Exercise prompt: Please reproduce the full listing exactly, with nothing added.

Data listing:
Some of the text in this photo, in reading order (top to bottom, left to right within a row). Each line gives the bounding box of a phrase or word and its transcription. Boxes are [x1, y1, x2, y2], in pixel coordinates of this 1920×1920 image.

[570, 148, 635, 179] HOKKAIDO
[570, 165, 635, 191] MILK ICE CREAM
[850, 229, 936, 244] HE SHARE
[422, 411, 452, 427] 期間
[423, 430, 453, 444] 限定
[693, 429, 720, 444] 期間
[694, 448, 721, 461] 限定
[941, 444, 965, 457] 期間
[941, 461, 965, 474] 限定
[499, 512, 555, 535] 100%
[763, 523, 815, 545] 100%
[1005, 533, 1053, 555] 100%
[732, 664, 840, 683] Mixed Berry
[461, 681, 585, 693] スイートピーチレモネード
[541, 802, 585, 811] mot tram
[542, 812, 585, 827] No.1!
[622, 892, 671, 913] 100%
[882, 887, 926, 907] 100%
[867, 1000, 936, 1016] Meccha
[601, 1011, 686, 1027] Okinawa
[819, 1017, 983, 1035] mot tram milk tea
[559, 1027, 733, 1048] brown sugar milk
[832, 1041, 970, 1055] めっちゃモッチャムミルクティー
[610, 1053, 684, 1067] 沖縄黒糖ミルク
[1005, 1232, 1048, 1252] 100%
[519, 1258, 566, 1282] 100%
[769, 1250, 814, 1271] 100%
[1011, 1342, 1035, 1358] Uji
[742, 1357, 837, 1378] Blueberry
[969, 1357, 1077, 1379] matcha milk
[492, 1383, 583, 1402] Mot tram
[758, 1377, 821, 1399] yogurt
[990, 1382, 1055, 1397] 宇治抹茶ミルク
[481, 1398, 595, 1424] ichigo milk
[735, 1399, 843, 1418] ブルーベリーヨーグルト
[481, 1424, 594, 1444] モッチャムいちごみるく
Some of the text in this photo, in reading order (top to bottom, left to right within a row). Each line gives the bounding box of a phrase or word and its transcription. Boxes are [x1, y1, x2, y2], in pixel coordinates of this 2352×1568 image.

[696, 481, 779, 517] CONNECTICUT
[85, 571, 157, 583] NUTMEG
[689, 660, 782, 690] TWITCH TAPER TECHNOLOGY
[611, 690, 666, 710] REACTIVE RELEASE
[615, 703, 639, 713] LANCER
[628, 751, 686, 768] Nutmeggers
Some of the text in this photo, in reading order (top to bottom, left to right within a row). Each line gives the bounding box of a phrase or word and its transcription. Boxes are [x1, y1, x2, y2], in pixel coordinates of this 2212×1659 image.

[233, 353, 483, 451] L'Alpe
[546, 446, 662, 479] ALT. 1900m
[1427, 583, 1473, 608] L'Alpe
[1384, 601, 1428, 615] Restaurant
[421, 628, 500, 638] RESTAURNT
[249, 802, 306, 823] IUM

Solution for this problem:
Some of the text in this photo, in reading order (top to bottom, left to right within a row). Each line gives the bounding box of a phrase or word and its transcription. Boxes are [x1, y1, x2, y2], in pixel coordinates of this 1920×1920 image.

[570, 148, 635, 179] HOKKAIDO
[570, 165, 635, 191] MILK ICE CREAM
[850, 229, 936, 244] HE SHARE
[422, 411, 452, 427] 期間
[423, 430, 453, 444] 限定
[693, 429, 720, 444] 期間
[694, 448, 721, 461] 限定
[941, 444, 965, 457] 期間
[941, 461, 965, 474] 限定
[499, 512, 555, 535] 100%
[763, 523, 815, 545] 100%
[1005, 533, 1053, 555] 100%
[732, 664, 840, 683] Mixed Berry
[461, 681, 585, 693] スイートピーチレモネード
[541, 802, 585, 811] mot tram
[542, 812, 585, 827] No.1!
[622, 892, 671, 913] 100%
[882, 887, 926, 907] 100%
[867, 1000, 936, 1016] Meccha
[601, 1011, 686, 1027] Okinawa
[819, 1017, 983, 1035] mot tram milk tea
[559, 1027, 733, 1048] brown sugar milk
[832, 1041, 970, 1055] めっちゃモッチャムミルクティー
[610, 1053, 684, 1067] 沖縄黒糖ミルク
[1005, 1232, 1048, 1252] 100%
[519, 1258, 566, 1282] 100%
[769, 1250, 814, 1271] 100%
[1011, 1342, 1035, 1358] Uji
[742, 1357, 837, 1378] Blueberry
[969, 1357, 1077, 1379] matcha milk
[492, 1383, 583, 1402] Mot tram
[758, 1377, 821, 1399] yogurt
[990, 1382, 1055, 1397] 宇治抹茶ミルク
[481, 1398, 595, 1424] ichigo milk
[735, 1399, 843, 1418] ブルーベリーヨーグルト
[481, 1424, 594, 1444] モッチャムいちごみるく
Some of the text in this photo, in reading order (top to bottom, left to right within a row). Each line gives the bounding box of a phrase or word and its transcription. Boxes are [x1, y1, x2, y2], in pixel coordinates of this 2352×1568 image.

[696, 481, 779, 517] CONNECTICUT
[85, 571, 157, 583] NUTMEG
[689, 660, 782, 690] TWITCH TAPER TECHNOLOGY
[611, 690, 666, 710] REACTIVE RELEASE
[615, 703, 639, 713] LANCER
[628, 751, 686, 768] Nutmeggers
Some of the text in this photo, in reading order (top to bottom, left to right within a row). Each line gives the bounding box of a phrase or word and its transcription. Boxes are [x1, y1, x2, y2], in pixel coordinates of this 2212×1659 image.

[233, 353, 483, 451] L'Alpe
[546, 446, 662, 479] ALT. 1900m
[1427, 583, 1473, 608] L'Alpe
[1384, 601, 1428, 615] Restaurant
[421, 628, 500, 638] RESTAURNT
[249, 802, 306, 823] IUM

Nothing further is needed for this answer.